== Excerpted records

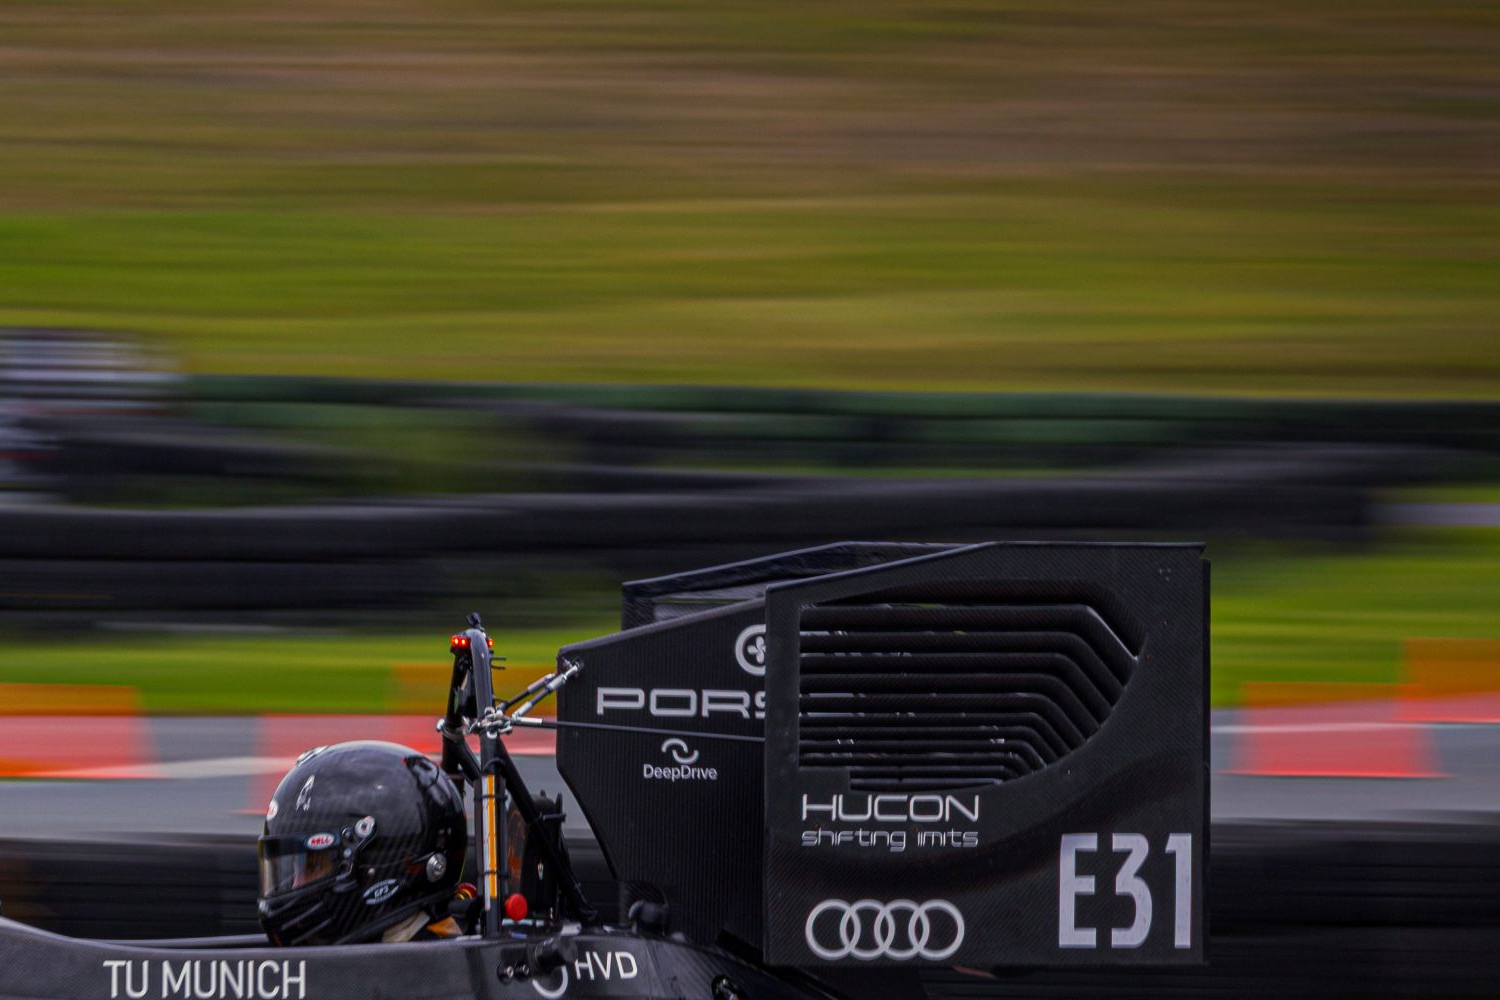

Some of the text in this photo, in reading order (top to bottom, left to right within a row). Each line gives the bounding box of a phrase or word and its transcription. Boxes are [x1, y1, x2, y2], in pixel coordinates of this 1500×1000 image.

[642, 763, 718, 783] DeepDrive
[802, 793, 980, 823] HUCON
[801, 828, 907, 852] shifting
[1058, 832, 1192, 949] E31
[102, 960, 307, 999] TU MUNICH

====

**Directions for this task:** Return every record exactly, without the pictures.

**Written reply:**
Some of the text in this photo, in reading order (top to bottom, left to right within a row). Each line gives the bounding box of a phrase or word and its transcription. Boxes are [x1, y1, x2, y2], in pixel coordinates of this 1500×1000 image.

[642, 763, 718, 783] DeepDrive
[802, 793, 980, 823] HUCON
[801, 828, 907, 852] shifting
[1058, 832, 1192, 949] E31
[102, 960, 307, 999] TU MUNICH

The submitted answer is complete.